The first two seasons of the show revolve around a gaggle of townspeople, law enforcement, and federal officials all concerning themselves with the investigation into Laura’s murder. The characters are about as believable as those animatronic characters at Chuck E. Cheese (RIP). The most compelling of them is Agent Dale Cooper. He sips coffee loudly, comments incessantly on the shockingly good quality of the local pastries, and escapes my disdain purely through the endearing eccentricity of Kyle MacLachlan’s thoroughly inhuman performance. I can’t say nearly as much for the rest of the characters. Take Jerry Horne, the spritely playboy brother of hotelier and town bigwig, Ben Horne. As Jerry, actor David Patrick Kelly emotes with the precision and subtlety of a buzz saw—WHERE ARE THOSE HICKORY STICKS?—and moves through rooms with physicality that could most accurately be described as the Lucky Charms Leprechaun on freebase cocaine.

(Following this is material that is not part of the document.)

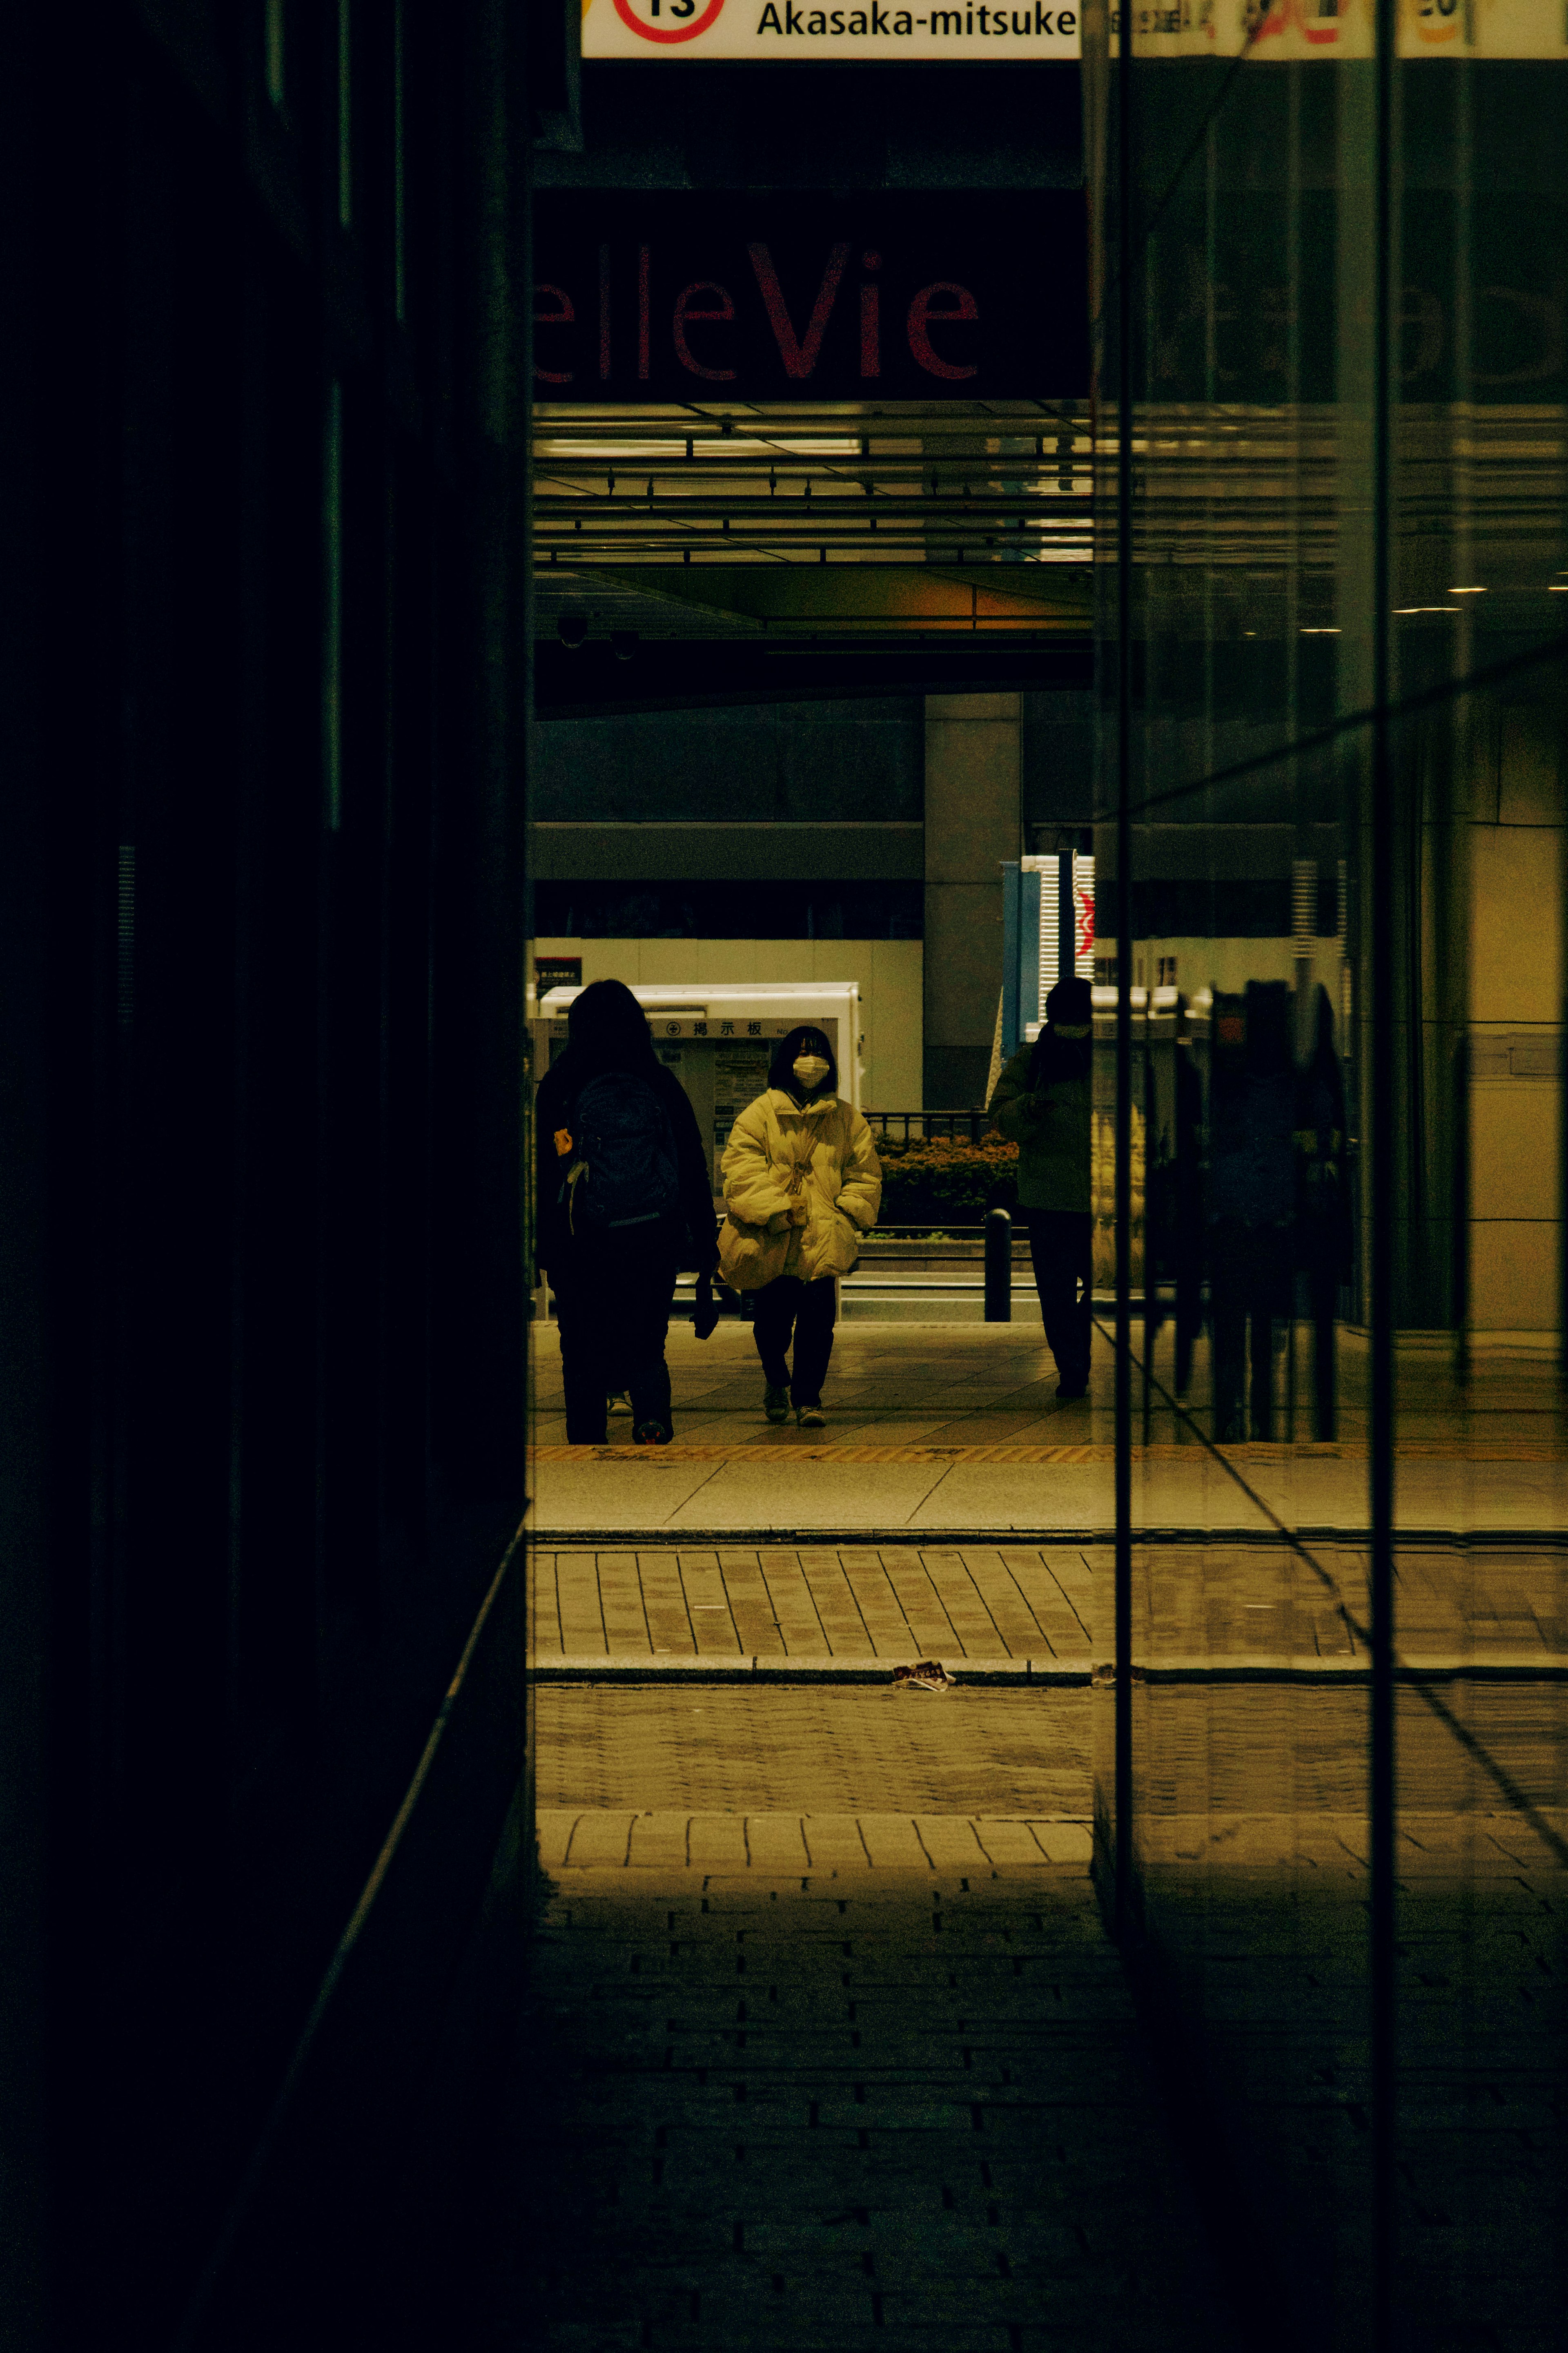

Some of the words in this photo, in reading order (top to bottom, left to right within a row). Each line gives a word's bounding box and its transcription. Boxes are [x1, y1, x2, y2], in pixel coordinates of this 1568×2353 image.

[757, 1, 1076, 35] Akasaka-mitsuke
[693, 1022, 762, 1036] 掲示板

My other favorite example is Leland Palmer. Leland is decimated by the loss of his daughter Laura and spends the bulk of the first season shuffling into crowded rooms, dancing with himself, and sobbing loudly. In Season 2, his hair turns stark white overnight and suddenly, his disposition changes. He’s peppy and constantly singing a ’40s nonsense song called “Mairzy Doats.” Yes, losing a child can make a person emotionally volatile. I understand that, but showing this to us in a measured way (perhaps, not having Leland break out into song/cry in every scene) is not the what Twin Peaks opts to do.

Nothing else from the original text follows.